Vitor Taveira disse...

Interessante a abordagem do post. Estou curioso para ver o documentario, embora já tenha ouvido alguns comentários críticos em relação à condução do filme. Acho que se um ritmo acelerado condiria mais com a velocidade das mudanças políticas, este seria contraditório com a própria dinâmica da vida indígena, que tem um tempo distinto do frenesí capitalista. O campones andino é desconfiado e não sai falando a qualquer câmera que se poste à sua frente. Talvez o diretor queira apenas refletir o tempo da cultura andina e nao da politica sul-americana.

Sem dúvidas trata-se de uma cultura muito interessante e quase nunca retratada pelo cinema brasileiro

É notótio que os povos indígenas bolivianos, especialmente no altiplano, passam por um período de grande crença na política e que a situção peruana é quase oposta já que o governo do país não é nada animador. Mas vale ressaltar que os indígenas se levantaram e mostraram força ano passado após um massacre provomido por forças policias a indios da amazonia peruana. Eles têm suas frentes e estão organizados em luta por seus direitos.

Anônimo disse...

“Mas vale ressaltar que os indígenas se levantaram e mostraram força ano passado após um massacre provomido por forças policias a indios da amazonia peruana.”

Caro Vitor, essa sua versão dos acontecimentos pode até ser acreditada pelo leitor médio da Carta Maior, mas a vasta maioria dos peruanos vêm os acontecimentos de forma diferente.

Os fatos como entendidos pela vasta maioria dos peruanos são o seguinte: os indígenas capturaram 12 policiais, renderam suas armas, amarraram-nos e cortaram seus pescoços a sangue frio.

Em resumo: o movimento indígena peruano declarou seu suicídio político. Antes do massacre dos 12 policiais, havia uma possibilidade remota de algum político como Morales chegar ao poder no Peru. Hoje não mais.

Vitor disse...

Anônimo,
Eu estava passando pelo Perú na época do acontecido e a repercussão foi muito grande na mídia de lá... aqui, obviamente nao saiu quase nada.
Aquela crise mostrou um tanto da falta de habilidade politica e menosprezo do governo do García em relacao ao movimento indígena.
Sem entrar no mérito da questão, tudo poderia ser resolvido mais diplomaticamente se os povos nativos fossem ao menos consultados sobre a questão da exploraçao mineral na amazonia.

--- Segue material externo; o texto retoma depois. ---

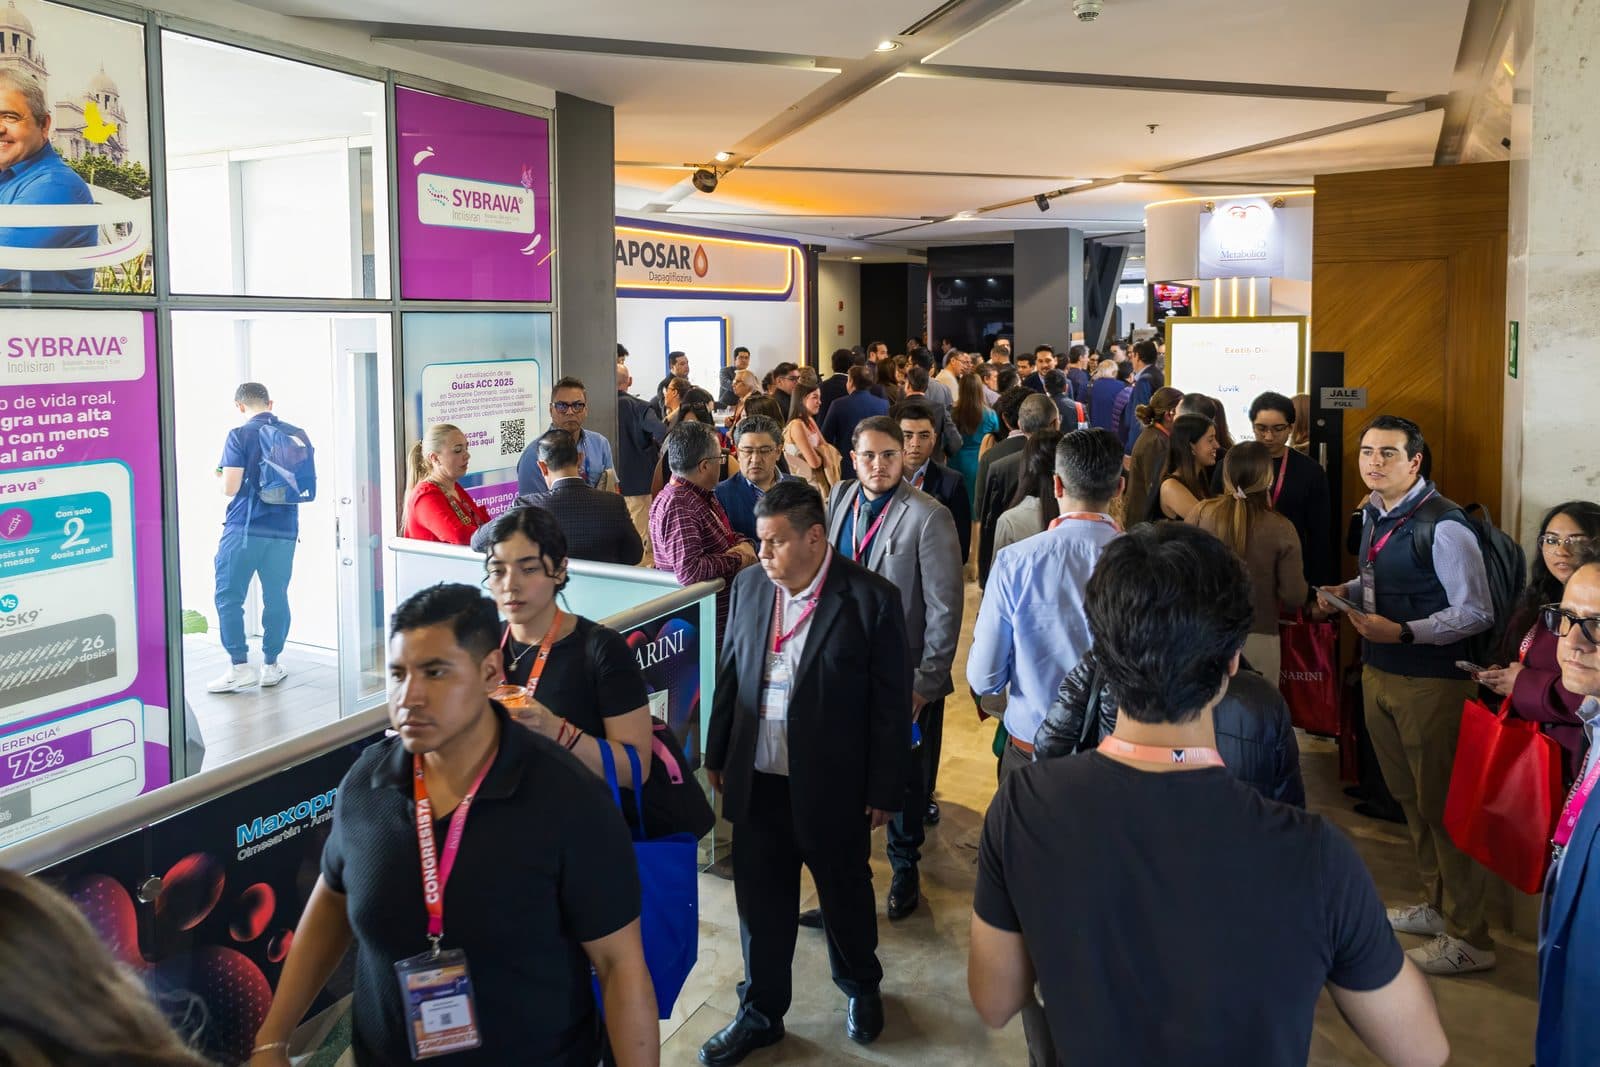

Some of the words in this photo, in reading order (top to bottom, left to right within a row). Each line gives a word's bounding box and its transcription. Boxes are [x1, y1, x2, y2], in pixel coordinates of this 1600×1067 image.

O líder indígena daquela rebelião ganhou bastante destaque e a oposição parlamentar tentou desgastar ao máximo o governo García. Afinal fui embora do país e não acompanhei de perto como tudo terminou.
Não sei como está a conjuntura politica la mas talvez o Humala ainda seja um forte candidato a presidencia em 2011, algo entre uma mistura de chavez com morales à peruana

Anônimo disse...

“Não sei como está a conjuntura politica la mas talvez o Humala ainda seja um forte candidato a presidencia em 2011, algo entre uma mistura de chavez com morales à peruana”

Caro Vitor,

Eu sigo a política do Peru a meia distância. A candidatura do Humala simplesmente morreu junto com os 12 policiais assassinados a sangue frio pelos manifestantes indígenas. O repúdio da vasta maioria dos peruanos pelo movimento indígena pode causar até algo que nunca aconteceu antes naquele país: um prefeito de Lima se tornou um candidato competitivo para a eleição presidencial.

Mauricio Santoro disse...

Oi, Vitor.

As pessoas entrevistadas no filme em geral são citadinos, com uma ou outra excessão, como um velho camponês peruano que narra alguns mitos indígenas.

O documentário é uma ótima iniciativa, mas faz falta uma cobertura mais presente da imprensa brasileira, para acompanhar os acontecimentos no Peru e os desdobramentos das sucessivas crises políticas que ocorrem no país.